People visiting Long Beach park playgrounds will have to be accompanied by a child as soon as next month or risk being fined or prosecuted for violating a law adopted by the City Council this week that requires adults to be with a child when at city playgrounds.
The rule would require an adult to be supervising a child under 12 years old in the newly created “kid zones” that will be established at over 80 city playgrounds. The council voted unanimously Tuesday night in the first of two votes to establish the law that will go into effect 30 days after it’s signed by the mayor.
“I think playground equipment, it should almost be a sanctuary space for our city’s kids and families,” said Councilmember Al Austin, one of the original supporters of establishing the new kid zones.
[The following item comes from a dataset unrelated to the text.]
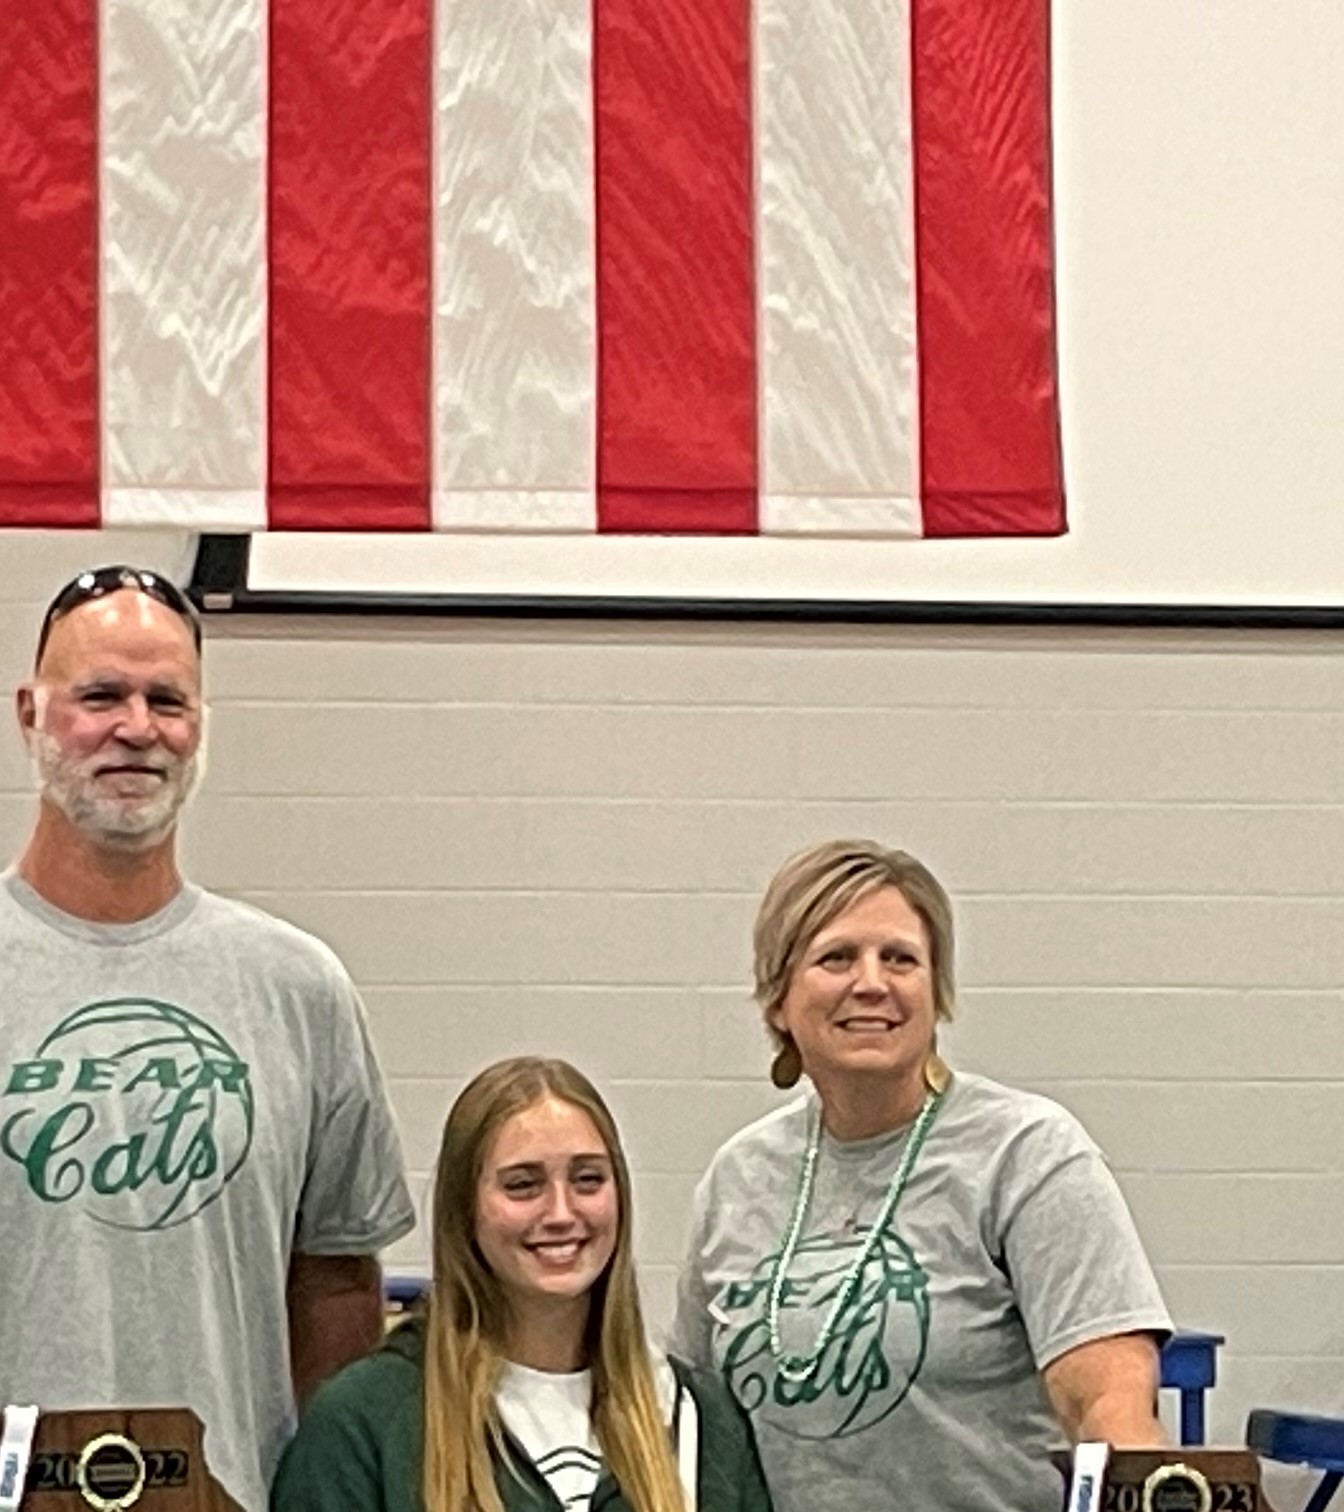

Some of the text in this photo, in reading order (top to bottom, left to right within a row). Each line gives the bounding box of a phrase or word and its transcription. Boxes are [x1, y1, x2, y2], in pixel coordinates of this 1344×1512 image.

[2, 1057, 250, 1097] BEAR
[0, 1086, 217, 1202] Cats
[147, 1452, 187, 1486] 22
Austin and other members of the council cited instances where people were reported using drugs or camping in city playgrounds, forcing families to navigate unsafe debris such as drug paraphernalia and used condoms.
The new kid zones would apply to playground equipment and the space immediately around them, but wouldn’t apply to other areas in city parks like sports fields, benches or other spaces without playgrounds.
Parks, Recreation and Marine Director Brent Dennis said the 12-year age limit was chosen in part because that’s generally the limit manufacturers put on the playground equipment sold to cities to ensure they’re used safely and have longevity.
Dennis cited a number of instances in recent months where new park equipment had been damaged by adults aggressively using playground installations meant for children, leading to costly repairs.
While the new law would require a police officer or park ranger to issue a citation before any violation could be prosecuted as a misdemeanor, Dennis said large signs notifying people of the new law would be placed around city playgrounds and park employees would work to educate park visitors of the change.
“It will be an awareness campaign and a kinder, gentler approach,” Dennis said.
Despite the unanimous vote, there were some concerns from the council about legal precedent and how this rule might be applied to older kids, with Councilmember Rex Richardson asking to avoid citing older kids and requesting the law be enforced in a “developmentally sensitive” way.
Deputy City Attorney Anita Lakhani said that so far no one has challenged the constitutionality of a similar law implemented in San Francisco.
A 2006 ruling by the California Attorney General said limiting tot-lot areas to younger children was not unconstitutional because it prevented the equipment from being damaged and potentially hurting the children it was intended to serve.
The City Council will take a second procedural vote on the law at its May 10 meeting before the issue heads to the mayor’s desk for a signature.